You can probably then avoid the switch to a model twice as expensive by that knowledge and management of what you are sending.
tiktoken is a fast open-source tokenizer by OpenAI.
Given a text string (e.g.,
"tiktoken is great!") and an encoding (e.g.,
"cl100k_base"), a tokenizer can split the text string into a list of tokens (e.g.,
["t", "ik", "token", " is", " great", "!"]).
Splitting text strings into tokens is useful because GPT models see text in the form of tokens. Knowing how many tokens are in a text string can tell you (a) whether the string is too long for a text model to process and (b) how much an OpenAI API call costs (as usage is priced by token).
I have already been using tiktoken to count tokens, but it hasn’t been working for me. How can I do this with API functions?
Are you using it’s ability to count tokens, seen in OpenAI cookbook examples and on github documentation. Does it count tokens of text correctly in your implementation?
If so, you just need to manage what you send, by improving the metadata of any type of information sent, and basing sending on counting tokens.
For example, when you have stored the token size of every user input prompt and every AI response alongside every entry in conversation history, you can use that information to decide how many past turns will fit into a limited space that you’ve allocated for chat history.
I already do this, and it worked perfectly without functions.

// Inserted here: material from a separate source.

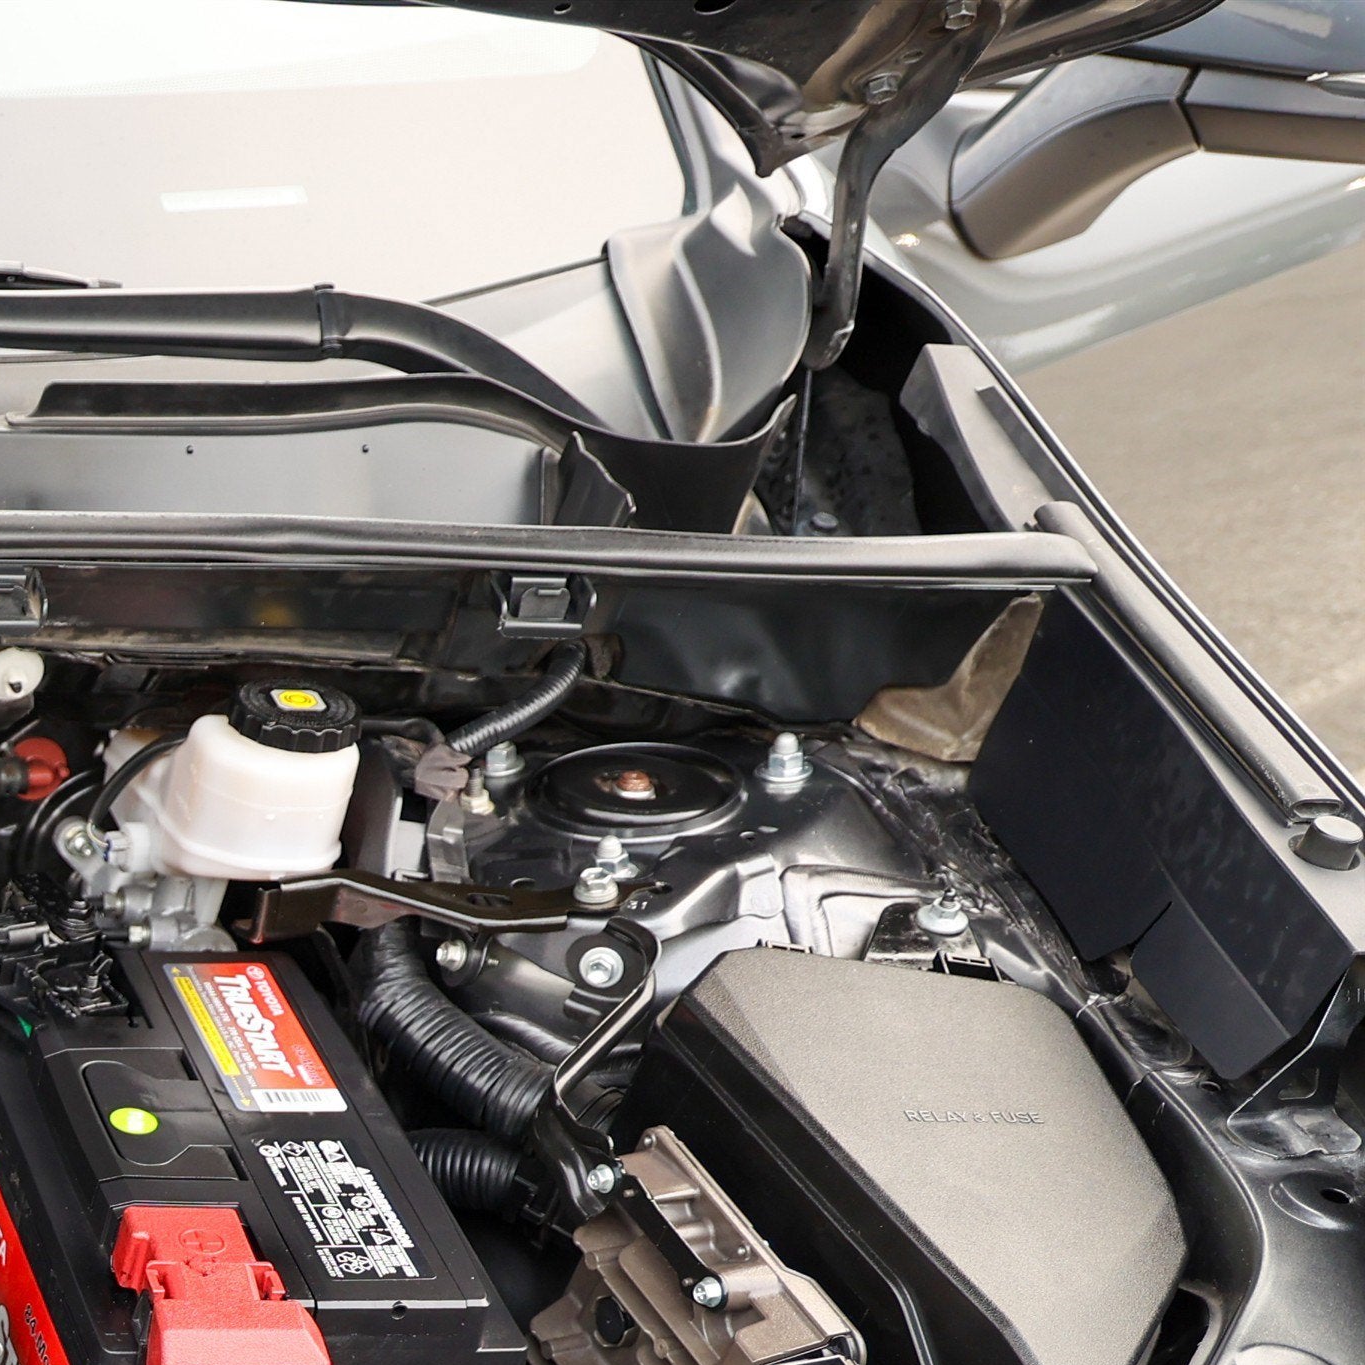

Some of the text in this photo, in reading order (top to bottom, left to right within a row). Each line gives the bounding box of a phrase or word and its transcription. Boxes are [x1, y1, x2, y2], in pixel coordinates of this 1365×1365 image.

[255, 979, 285, 1016] TOYOTA
[904, 1109, 968, 1123] RELAY
[989, 1111, 1044, 1124] FUSE

Then you can do two things:
- Measure the size of the functions. Call twice with the same input but with and without the function included. See the difference in input tokens in the API response.
- Count the tokens that go in the “function” role message where the function return is then inserted in the prior conversation and input.
The actual solution is quite a bit more complex. Turns out OpenAI converts the function definations to Typescript functions in the backend which is what makes up the token usage. Figured out by a user named hmarr.
Anyway if you are using the python api I have made python version of hmarrs original typescript code. GitHub - Reversehobo/openai-function-tokens: Predict the exact openai token usage of functions
It has returned the exact correct token count for messages and functions every single time during my testing.